Here, Bailiwick offers five tips to turn your AI skeptics into converts.

Educate them. There’s a chance your customers are already interested in engaging with your AI offerings, but they’re unsure of where to start. “What I’ve experienced is that folks just want to know more, but it’s overwhelming right now,” says Jimmy Hinshaw, Sales Director for Bailiwick.

Take the time to teach your customers how to use your business’s AI tools. One company that executes this particularly well is CLEAR, which uses biometrics to confirm your identity when going through security at airports, sports arenas, and event centers. Wherever you see a CLEAR kiosk, there’s always an ambassador nearby to encourage enrollment, answer customer questions, and help people use the technology.
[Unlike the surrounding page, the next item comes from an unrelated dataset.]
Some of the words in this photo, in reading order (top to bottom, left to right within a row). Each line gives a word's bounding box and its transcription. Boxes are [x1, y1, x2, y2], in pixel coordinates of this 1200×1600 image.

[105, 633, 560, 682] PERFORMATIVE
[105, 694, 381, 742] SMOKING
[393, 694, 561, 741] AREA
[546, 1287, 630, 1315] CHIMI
If your customers are worried about data privacy, now is an ideal time to also share the security measures your business is taking to protect their personal information.
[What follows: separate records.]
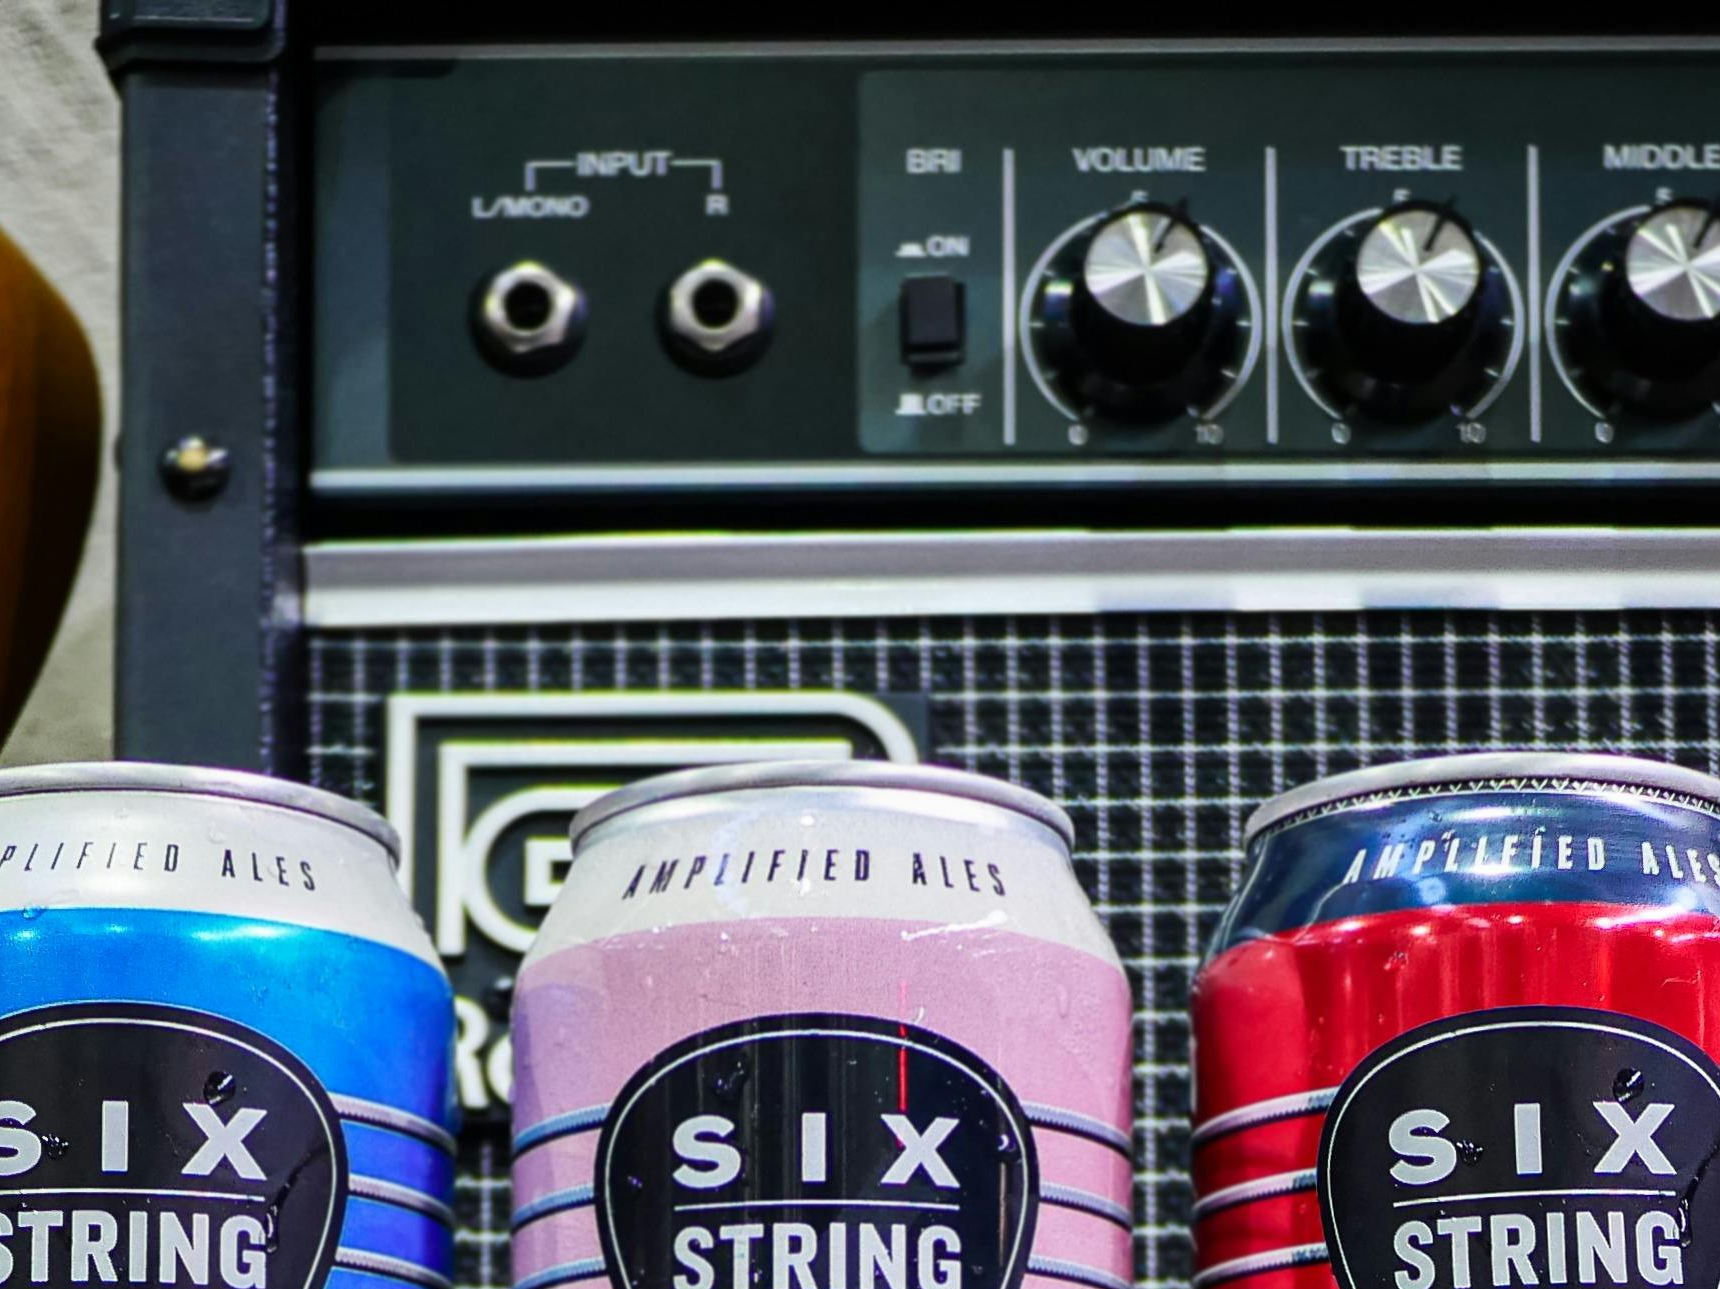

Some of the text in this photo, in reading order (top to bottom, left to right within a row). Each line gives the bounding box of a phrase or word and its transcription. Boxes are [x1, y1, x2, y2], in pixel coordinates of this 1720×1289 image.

[576, 151, 672, 176] INPUT
[906, 149, 962, 173] BRI
[1072, 147, 1206, 172] VOLUME
[1339, 145, 1463, 171] TREBLE
[471, 196, 590, 218] L/MONO
[705, 195, 728, 216] R
[926, 235, 970, 257] ON
[926, 394, 981, 415] OFF
[1196, 424, 1224, 444] 10
[1458, 423, 1485, 443] 10
[222, 849, 316, 892] ALES
[1341, 834, 1605, 886] AMPLIFIED
[622, 848, 1007, 900] AMPLIFIED ALES
[672, 1112, 960, 1189] SIX
[1388, 1102, 1678, 1186] SIX
Remove any friction. Before you roll out your latest AI offering, ensure you’ve done the proper testing to make adoption a seamless process. If your AI tools are clunky and difficult to use—like a tedious enrollment process or an app that keeps crashing, for example—customers simply won’t engage with them, or they’ll find another company that has implemented the technology better.
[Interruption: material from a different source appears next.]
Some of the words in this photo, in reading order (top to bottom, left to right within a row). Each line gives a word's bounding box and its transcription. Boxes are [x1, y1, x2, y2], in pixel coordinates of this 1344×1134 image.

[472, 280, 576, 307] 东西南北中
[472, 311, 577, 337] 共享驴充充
“Anywhere your customers experience friction can be detrimental to the business because they’ll go somewhere else where they don’t experience that friction,” says Hinshaw.

Offer incentives. Rewarding your customers is a great way to encourage them to engage with a new AI tool you’re testing. Perhaps your retail shop is experimenting with palm recognition technology—already in effect at some Amazon and Whole Foods stores—that allows customers to pay for their items by scanning their palm. To encourage adoption, consider offering an incentive, like five percent off their purchase.

Start small. With customer-facing AI tools, slow and steady is the best practice to avoid overwhelming them. Start with a loyalty program, for instance, before expecting them to jump onboard with the aforementioned palm-pay technology. When in doubt, always keep business researcher Jim Collins’s mantra in the back of your mind: Fire a bullet, then fire a cannon.

Don’t break customers’ trust. Imagine receiving a greeting card from a loved one whose words made you smile or laugh. How would you feel if you later found out those words were 100 percent written by a computer? You’d probably feel a bit betrayed. That’s how Michelle Wolter, Bailiwick’s vice president of sales and marketing, likens customers’ feelings when they’re misled about how a company is using AI. Transparency is crucial to keep your company from breaching a customer’s trust. Be upfront about how you’re using their information and the data security measures you’re taking to protect it.

“You can’t break the trust bond with a human because it takes incalculable and undefined amounts of time to regain it,” says Wolter. “We’re all looking at AI as it relates to how it is perceived in the human relationship so that we can honor the relationship, create value in the relationship, but not break the trust. That will look different for every company.”